• Нож «Чикаго-катлери» (орудие убийства).
• Удобрение марки «ТруГроу».
• Отпечаток подошвы мужского ботинка модели «Alton EZ-Work» размера 10 с половиной.
• Лоскут перчаточного латекса.
• Номер мобильника под именем «Арт» в телефонной книжке (отключен, отследить невозможно) – любовная связь?
• Две записи: «Арт – в баре» (офис) и «Артур» (дома).
• Свидетель указал на светло-голубой «мерседес» и буквы номерного знака NLP.
Машина Артура Райма.
• Светло-голубой «мерседес», седан класса «Си», 2004 года, номерной знак штата Нью-Джерси NLP 745, зарегистрирован на Артура Райма.
• Кровь на полу и задней дверце (ДНК совпадает с кровью убитой).
• Окровавленная салфетка из комнаты убитой (ДНК совпадает).
• Земля, одинаковая по составу с почвой в Клинтон-стейт-парке.
Дом Артура Райма.
• Крем для бритья «Эдж-адвэнст-джел» с алоэ, ассоциируется со следами, найденными непосредственно на месте преступления.
• Чипсы «Принглс» со вкусом барбекю, обезжиренные.
• Удобрение «ТруГроу» (в гараже).
• Лопата, испачканная землей, одинаковой по составу с почвой в Клинтон-стейт-парке (гараж).
• Ножи «Чикаго-катлери» – той же марки, что и орудие убийства.
• Ботинки мужские модельные «Alton EZ-Work», размер 10 с половиной.
• Почтовые извещения от галереи «Уилкокс» в Бостоне и «Галереи изящных искусств Андерсон-Биллингс» в Кармеле о выставках работ Харви Прескотта.
• Упаковка латексных перчаток «сэйф-хэнд» (в гараже), химический состав одинаков с лоскутом, найденным на месте преступления.
– Послушай, Райм, а ведь улики довольно убедительные! – заметила Сакс, отступив на шаг и подбоченясь.
– А то, что они договаривались по мобильнику? И «Арт» в ее записях звучит достаточно фамильярно. Зато ни домашнего адреса, ни упоминания места работы. Все это, конечно, наводит на мысль о любовной связи… Есть еще какие-нибудь подробности?
– Нет, только фотоснимки.
– Давай их тоже на доску, – велел Райм, изучая таблицу. Он сожалел, что ему на этот раз не представилась возможность обследовать место преступления самому – то есть с помощью Амелии Сакс, экипированной специальной аппаратурой, состоящей из головного телефона и видеокамеры с высокой разрешающей способностью. Криминалисты из управления проделали работу, похоже, добросовестно, но без проявления сообразительности. Например, не догадались сфотографировать смежные помещения. Или вот нож… На снимке окровавленное орудие убийства лежит под кроватью. Полицейский услужливо приподнимает свисающую до пола оборку покрывала, чтобы фото получилось лучше.
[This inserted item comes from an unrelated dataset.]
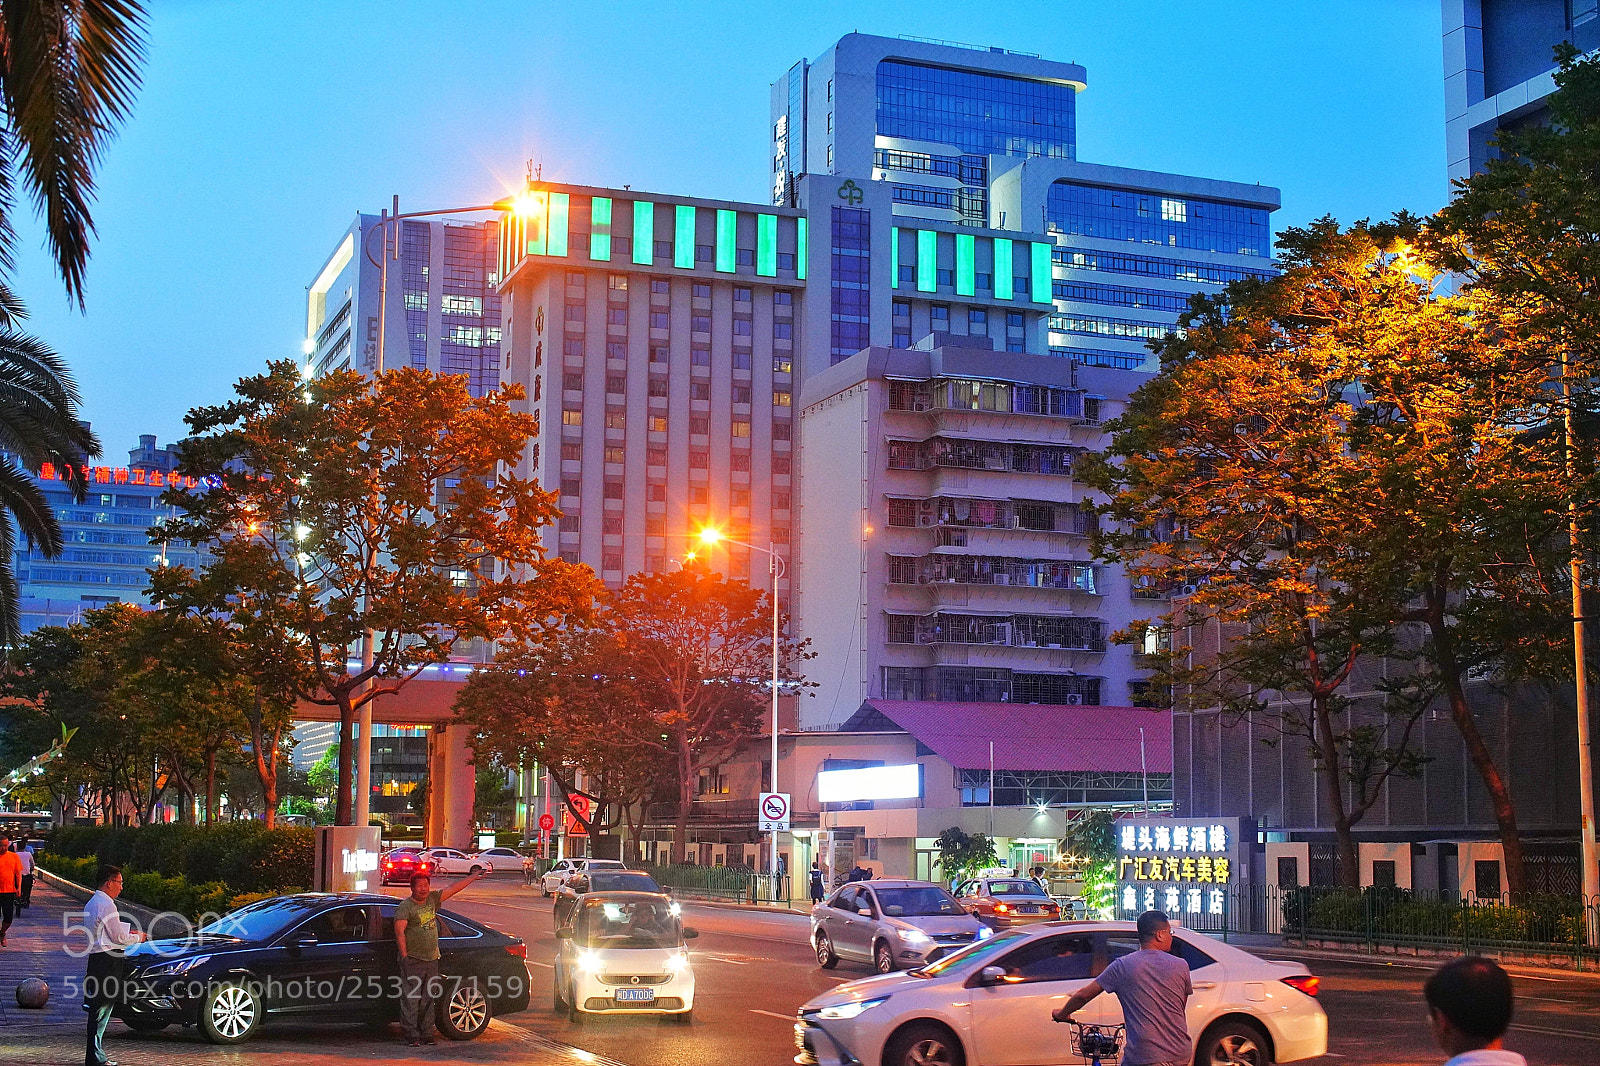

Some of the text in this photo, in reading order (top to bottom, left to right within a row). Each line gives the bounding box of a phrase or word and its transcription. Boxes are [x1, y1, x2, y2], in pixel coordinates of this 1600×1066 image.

[1119, 855, 1230, 884] 广汇友汽车美容
А ведь очень хотелось бы знать, был ли нож полностью скрыт под опущенной оборкой (и тогда логично предположить, что преступник впопыхах забыл про него) или заметен, а значит, мог быть нарочно подброшен в качестве ложной улики.
Райм принялся разглядывать снимок с остатками упаковочного материала на полу, в который, очевидно, была завернута картина Прескотта.
– Тут что-то не так, – прошептал он.
Сакс, продолжая стоять у доски, обернулась.
– Картина, – промолвил Райм чуть громче.
– А что с ней не так?
– Лагранж считает, что убийство было мотивировано желанием Артура избавиться от Элис, отравлявшей ему жизнь, а Прескотта он забрал просто для отвода глаз.
– Так.
– Но, – продолжал рассуждать Райм, – для инсценировки случайного характера убийства, совершенного во время ограбления мало-мальски сообразительный преступник не станет уносить с собой вещь, от которой ниточка потянется прямо к нему. Достаточно вспомнить, что Артур тоже владел картиной Прескотта и получал информацию о его работах из картинных галерей.
– Ты прав, Райм. Это крайне неразумно.
– А теперь предположим, Артур действительно захотел присвоить картину, не имея средств приобрести ее законным путем. Куда проще и безопаснее залезть в пустую квартиру, пока хозяйка на работе, и преспокойно вынести добычу, не пачкаясь в крови.
Поведение двоюродного брата, хоть и не образцовое – по оценочной шкале Райма оно колебалось между честностью и ложью, – тоже как-то «не сочеталось» с приписываемым ему преступлением.
– Возможно, он и не разыгрывает невиновного. Возможно, он в самом деле не виноват… Так, говоришь, улики довольно убедительные? Нет, я бы сказал, чересчур убедительные!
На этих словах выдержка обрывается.